This is part of our series about Technology and Climate Change. Read part 1 of the series, about xAI in Memphis, Tennessee, here.
“This has gotten so out of control that it’s like we’re in an alternate universe,” said Julie Bolthouse, Director of Land Use at the Piedmont Environmental Council, during a rally outside a Loudoun County Board of Supervisors meeting last month.
Loudoun County, Virginia, a Washington, DC, suburb, boasts the largest concentration of data centers in the entire world. About 200 of these energy-sucking behemoths there power modern life essentials like internet connectivity, the cloud, online services, and AI.
Loudoun County is no stranger to technology; it’s the birthplace of the internet as we know it today. AOL moved its headquarters there in 1996, when the community was all trees and farmland. Just two years later, the Metropolitan Area Exchange-East, a major internet traffic hub, moved to Loudoun to be closer to AOL. More tech companies, wanting to be connected to the exchange, followed, and so did their data centers.
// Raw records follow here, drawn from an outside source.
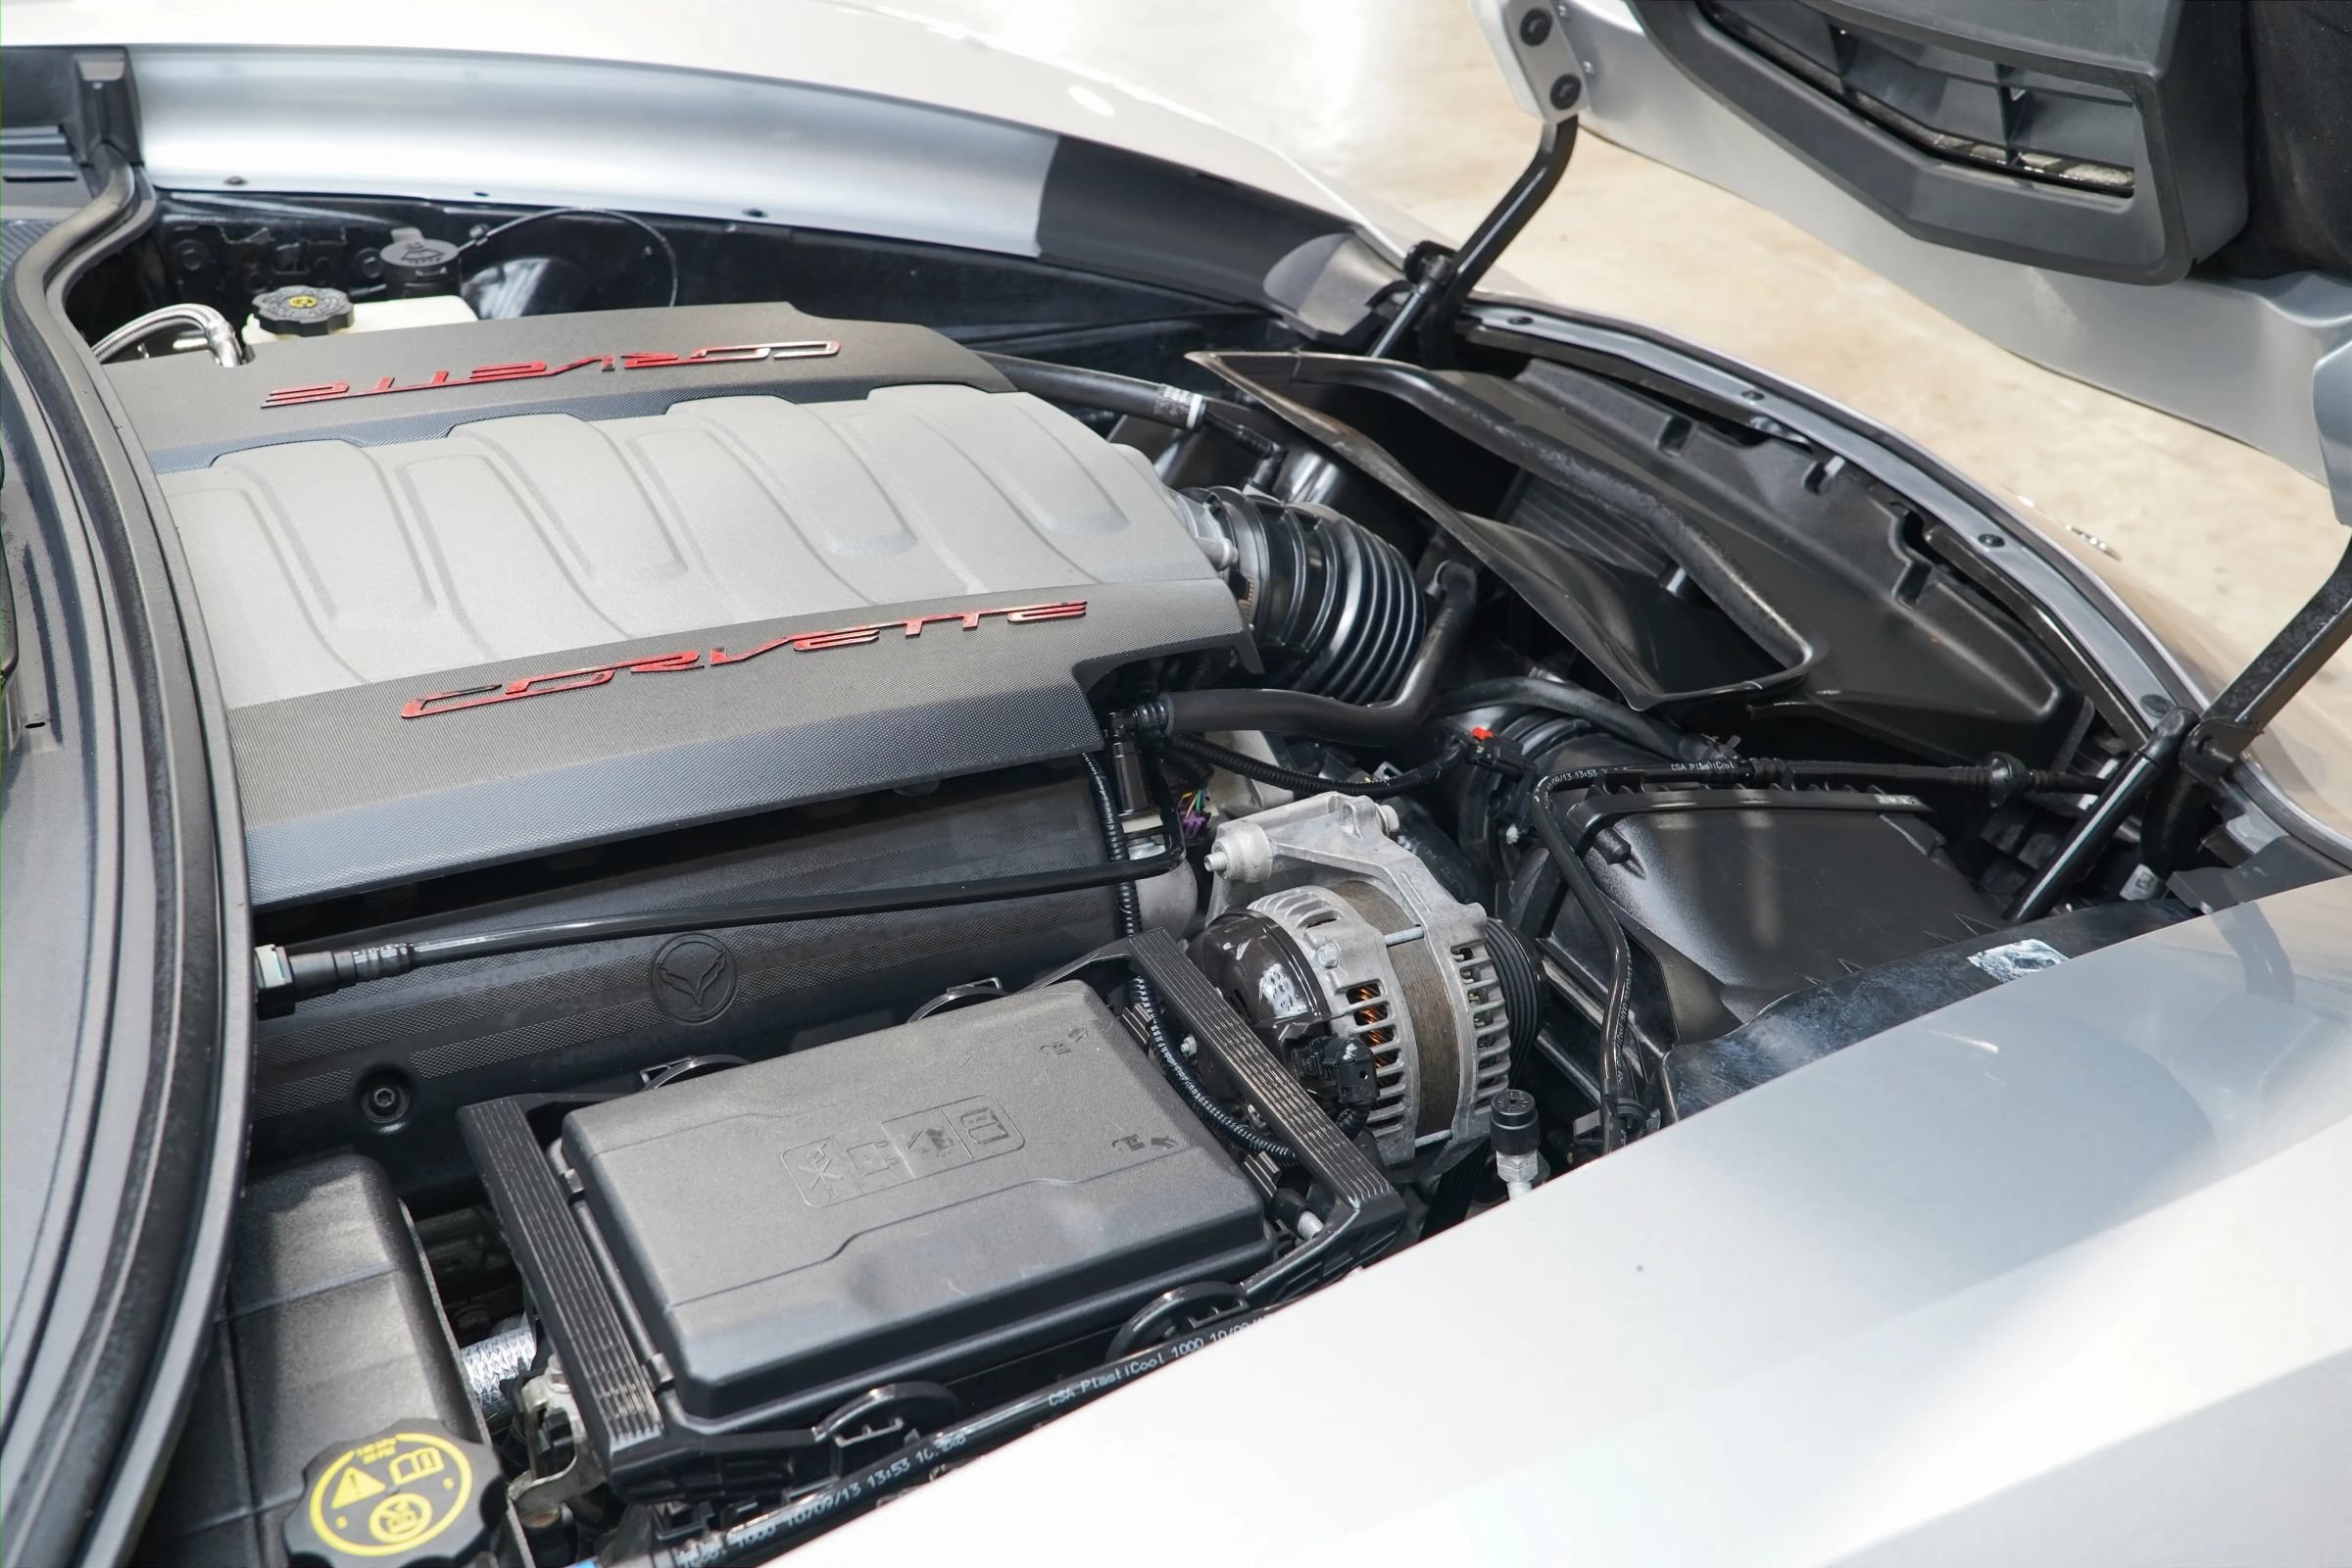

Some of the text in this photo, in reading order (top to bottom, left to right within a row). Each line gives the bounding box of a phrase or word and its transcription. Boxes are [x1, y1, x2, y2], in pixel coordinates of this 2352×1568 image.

[260, 340, 841, 410] CORVETTE
[400, 600, 1088, 719] CORVETTE
[1574, 769, 1598, 780] 13:53
[1049, 1389, 1076, 1406] CSA
[1080, 1353, 1165, 1394] PlastiCool
[1171, 1338, 1204, 1359] 1000
[865, 1457, 911, 1489] 13:53
Still it’s a shock that in the last 14 years, there has not been a single day without data center construction in the county.
The services these data centers provide are essential, but they come at a steep cost. “[We were] moving toward the Virginia Clean Economy Act,” Julie said, referring to a law that put the state on a path to 100% clean electricity by 2050. “We were moving away from fossil fuels, and now we have completely reversed our progress.”
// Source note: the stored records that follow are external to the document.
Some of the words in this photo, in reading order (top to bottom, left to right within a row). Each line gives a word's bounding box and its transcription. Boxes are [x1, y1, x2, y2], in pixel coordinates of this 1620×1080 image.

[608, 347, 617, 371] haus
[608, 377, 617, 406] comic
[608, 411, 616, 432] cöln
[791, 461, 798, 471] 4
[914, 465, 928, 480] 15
Tell Administrator Zeldin: Cutting Climate Pollution Is One of EPA’s Most Important Jobs
The environmental footprint of data centers
Opposition to these data centers has been strong and focused on environmental impact. Along with the Piedmont Environmental Council, the Loudoun Climate Project has raised the alarm bells about these facilities’ energy burden and greenhouse gas emissions.
Data centers are the only growing source of energy demand in Virginia, and they are expected to double the load on the state’s electricity grid—which is primarily powered by natural gas—by 2040. This puts the state’s carbon-free electricity goal completely out of reach. And meeting data centers’ energy demand will require a substantial amount of new power generation and transmission infrastructure, which would be very difficult to achieve, according to a comprehensive report by the Joint Legislative Audit and Review Commission (JLARC).
Data centers aren’t just an energy and climate issue. They are also an enormous land use burden and water suck. Loudoun County currently has 30 million square feet of operational data centers, with another 5 million square feet in development. And despite efforts to prioritize cooling these facilities with reclaimed water, their potable water usage has increased 250% since 2021. In 2023 alone, they churned through 899 million gallons of water.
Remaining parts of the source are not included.